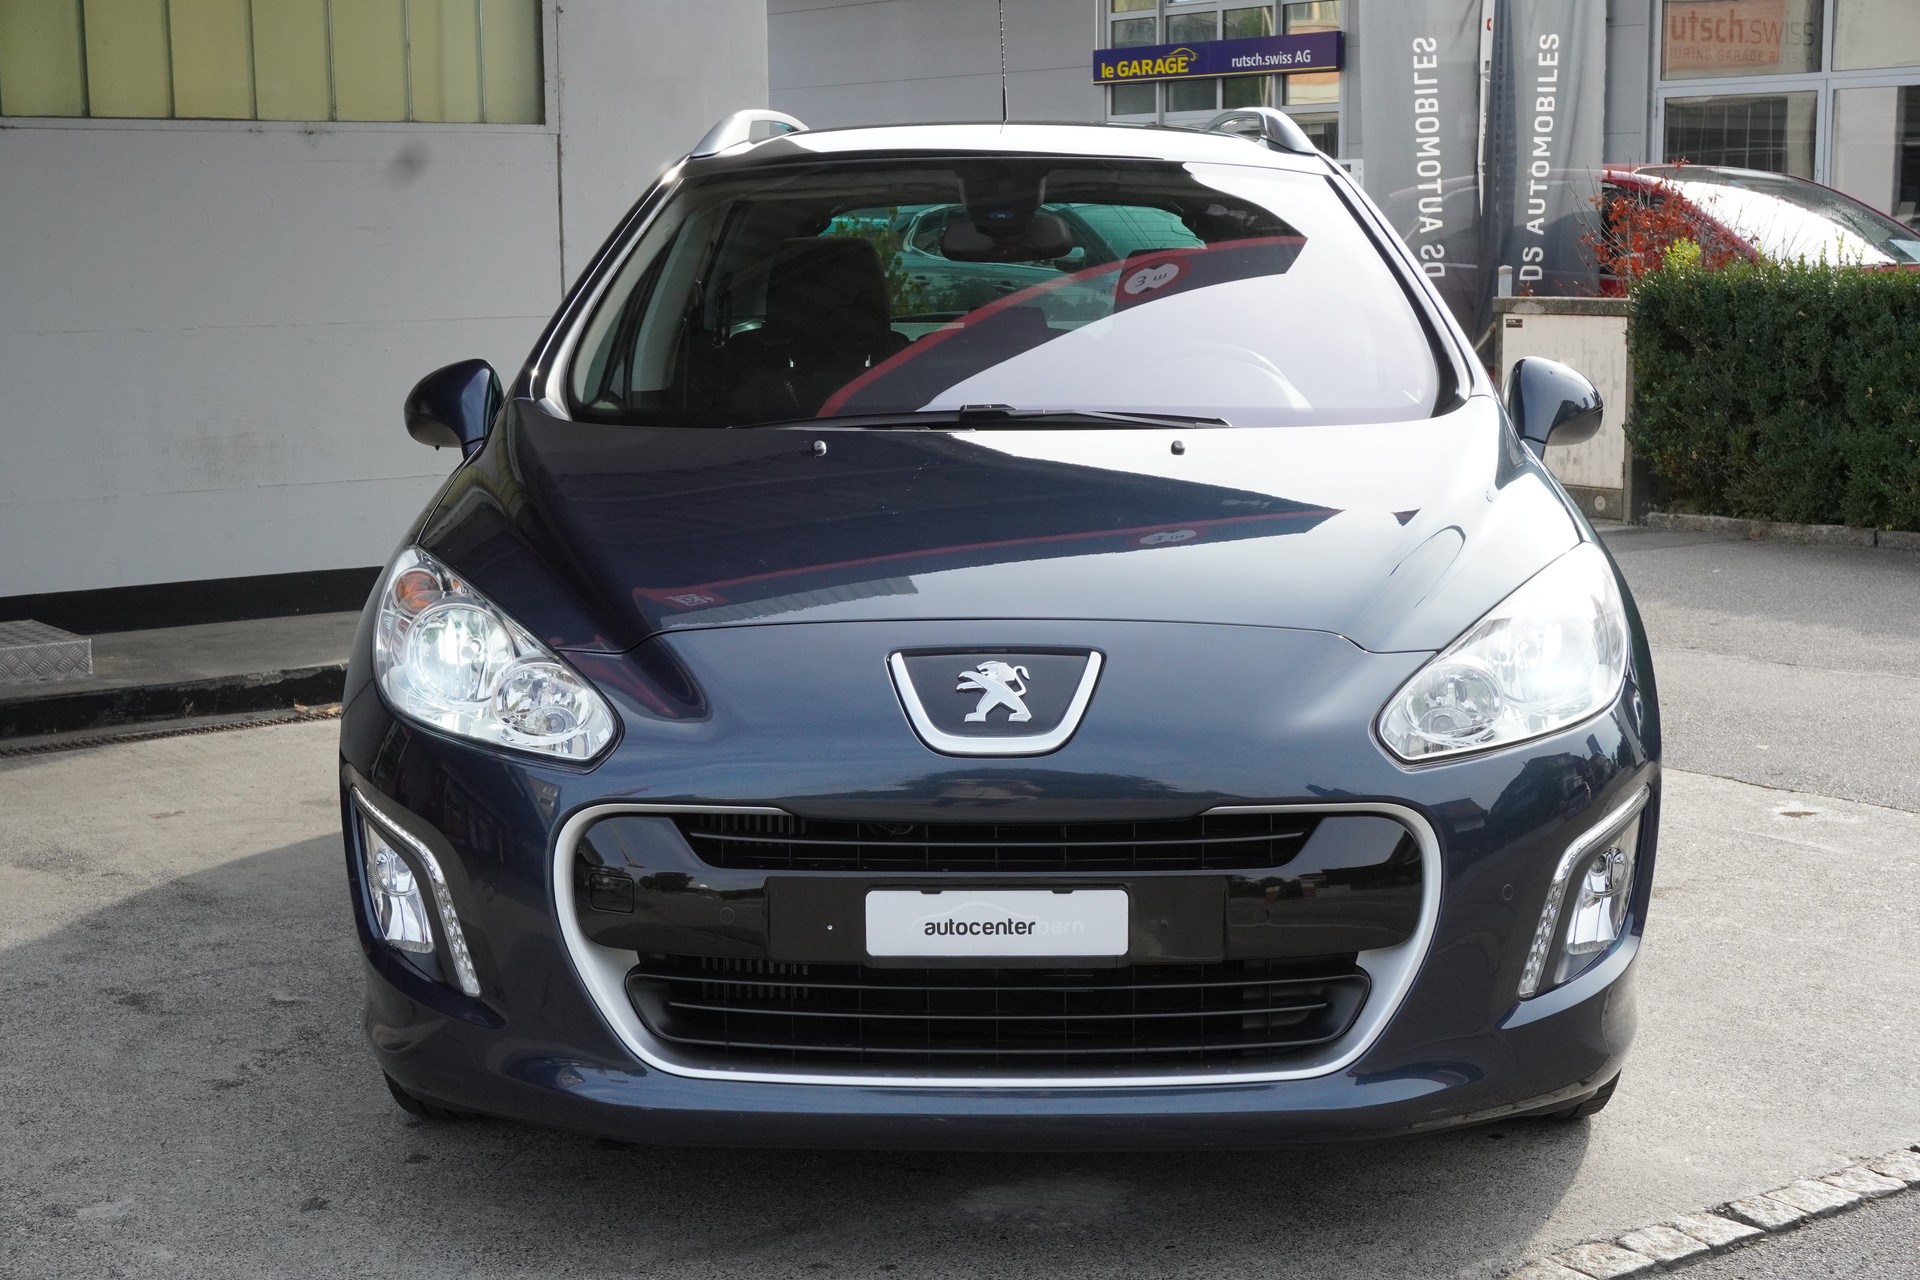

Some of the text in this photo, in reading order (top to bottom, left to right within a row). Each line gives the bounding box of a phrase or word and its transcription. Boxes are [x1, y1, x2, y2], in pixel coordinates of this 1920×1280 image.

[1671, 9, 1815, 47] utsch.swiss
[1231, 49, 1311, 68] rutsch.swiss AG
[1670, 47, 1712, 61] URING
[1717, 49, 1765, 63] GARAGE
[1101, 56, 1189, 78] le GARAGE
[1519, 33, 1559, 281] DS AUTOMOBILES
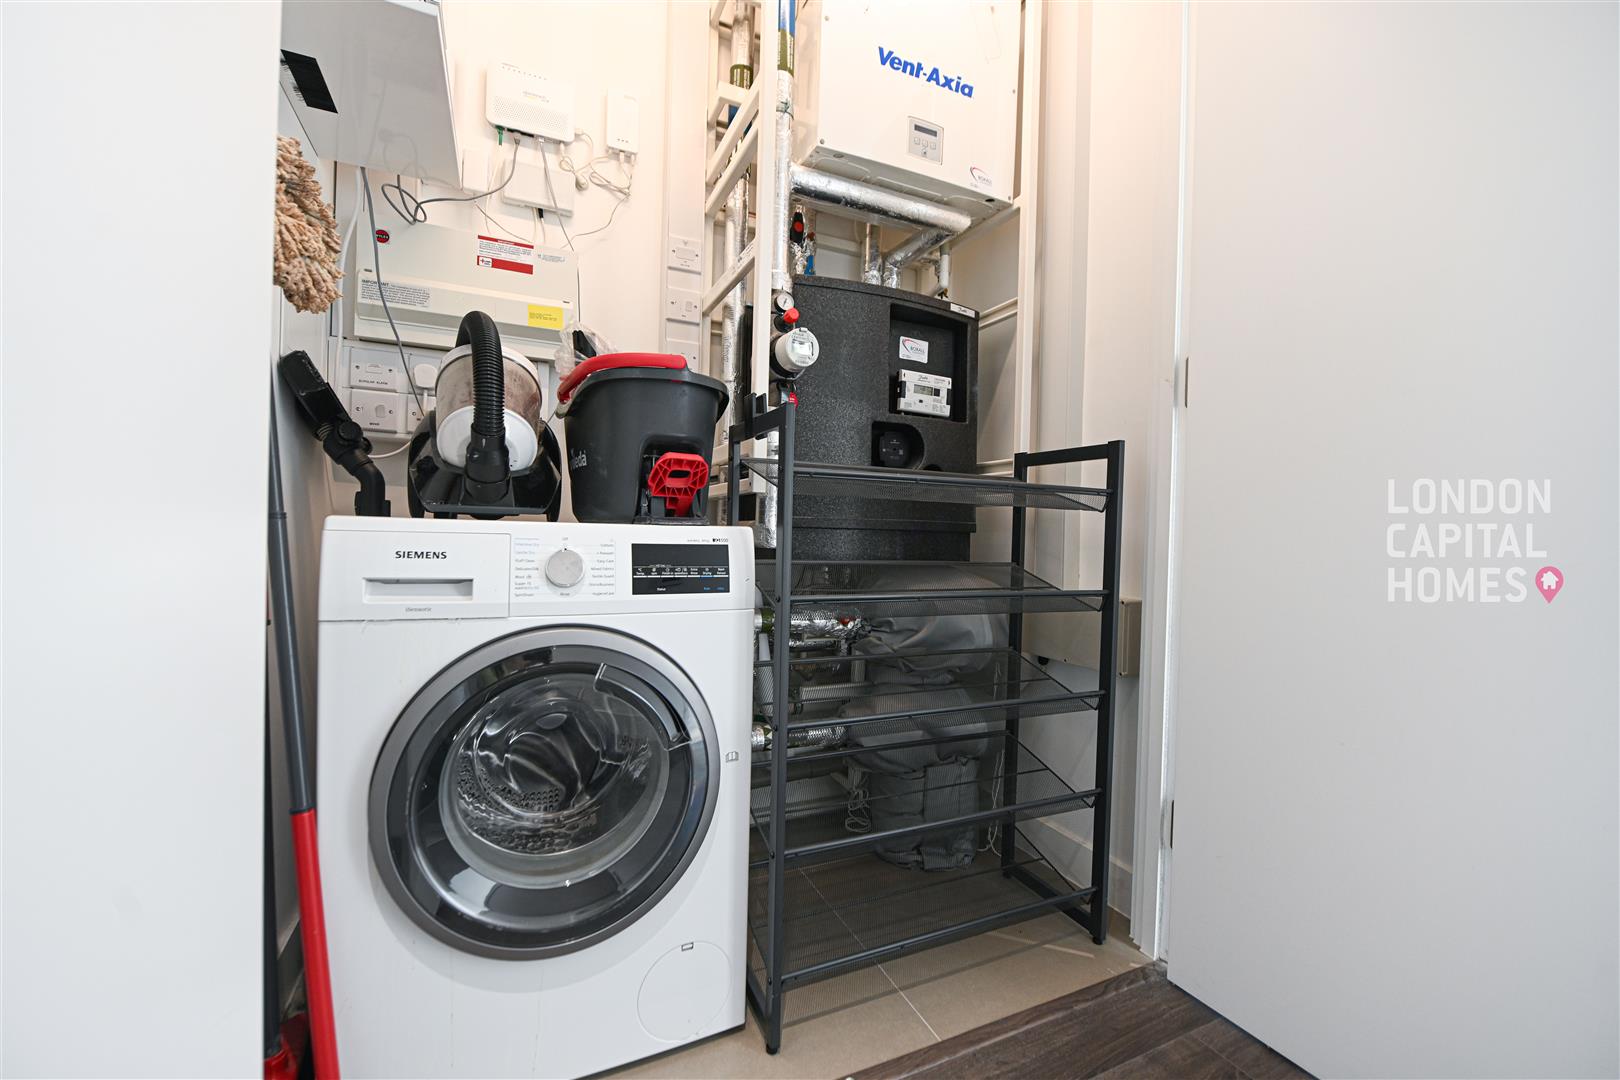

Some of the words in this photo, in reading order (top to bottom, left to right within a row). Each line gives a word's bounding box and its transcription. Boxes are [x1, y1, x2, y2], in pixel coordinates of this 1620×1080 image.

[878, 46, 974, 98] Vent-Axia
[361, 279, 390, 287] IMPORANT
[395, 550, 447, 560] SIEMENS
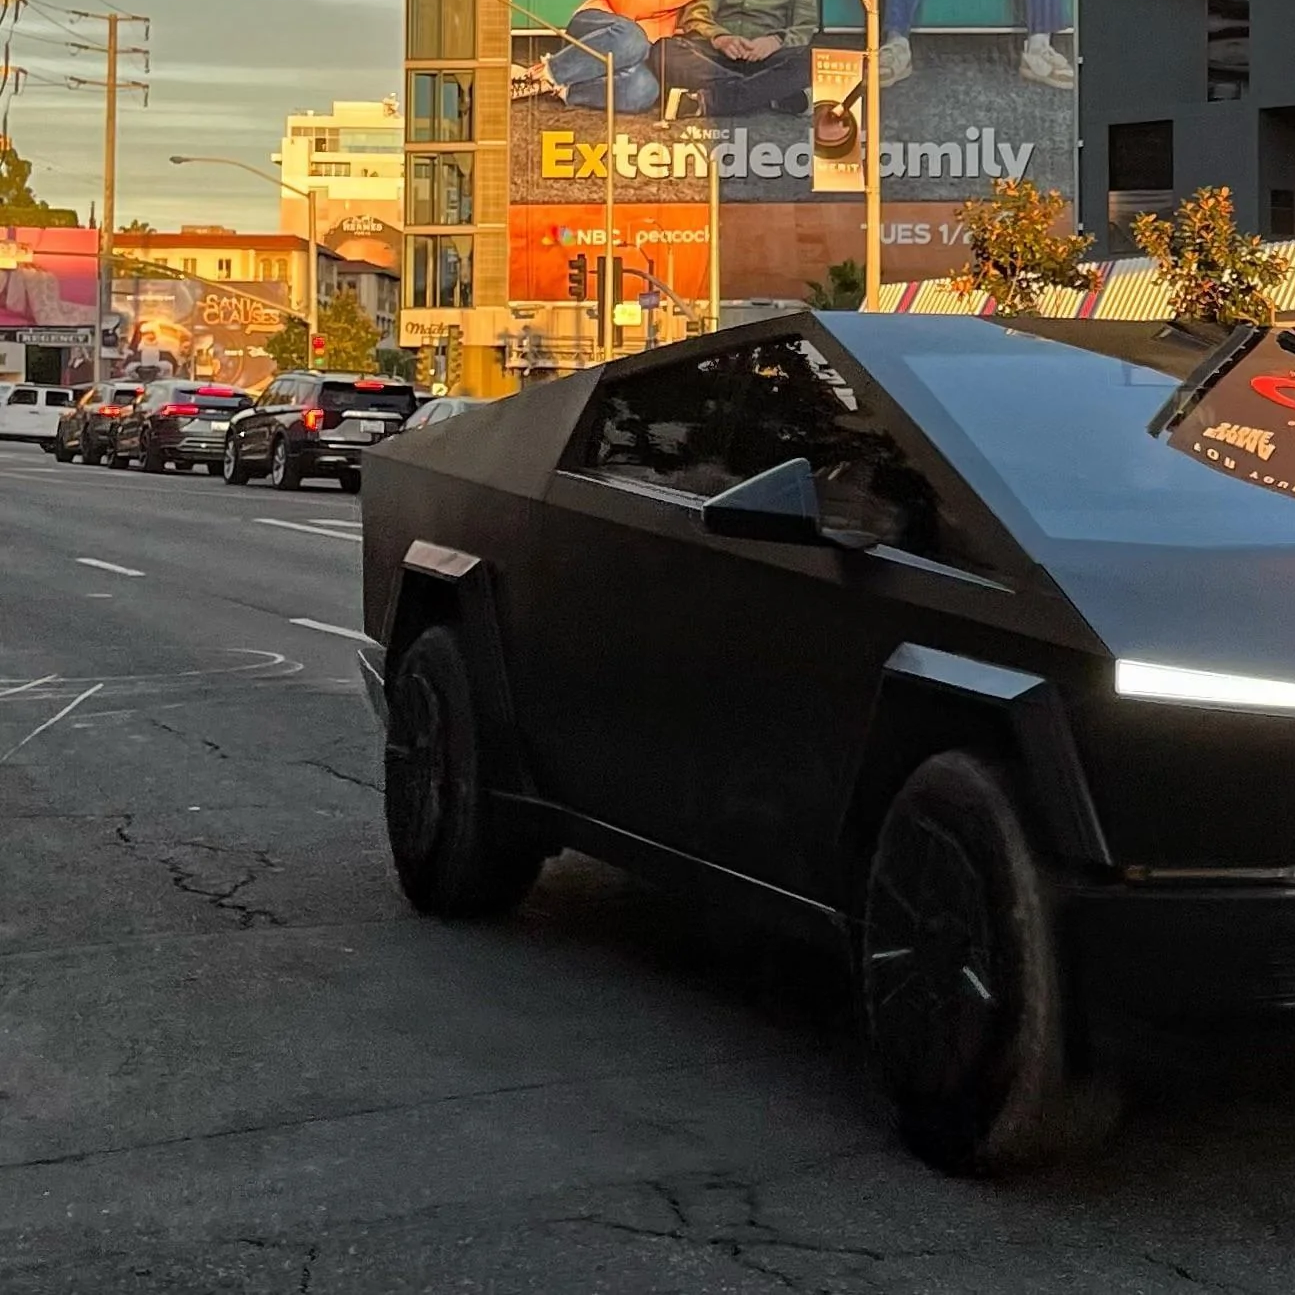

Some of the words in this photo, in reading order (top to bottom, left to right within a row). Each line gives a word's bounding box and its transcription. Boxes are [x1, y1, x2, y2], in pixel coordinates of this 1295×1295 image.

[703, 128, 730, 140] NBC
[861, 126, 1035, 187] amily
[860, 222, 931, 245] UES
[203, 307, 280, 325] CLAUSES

§ Exercise brief:
The range to transcribe runs from the line holding "this 1620×1080 image." through the final line of the data above; copy it exactly and exclude the pictures.

§ Exercise result:
Some of the words in this photo, in reading order (top to bottom, left to right within a row). Each line gives a word's bounding box and its transcription. Boxes are [x1, y1, x2, y2], in pixel coordinates of this 1620×1080 image.

[878, 46, 974, 98] Vent-Axia
[361, 279, 390, 287] IMPORANT
[395, 550, 447, 560] SIEMENS

Some of the words in this photo, in reading order (top to bottom, left to right within a row). Each line gives a word's bounding box and its transcription. Boxes are [x1, y1, x2, y2], in pixel coordinates of this 1295×1295 image.

[703, 128, 730, 140] NBC
[861, 126, 1035, 187] amily
[860, 222, 931, 245] UES
[203, 307, 280, 325] CLAUSES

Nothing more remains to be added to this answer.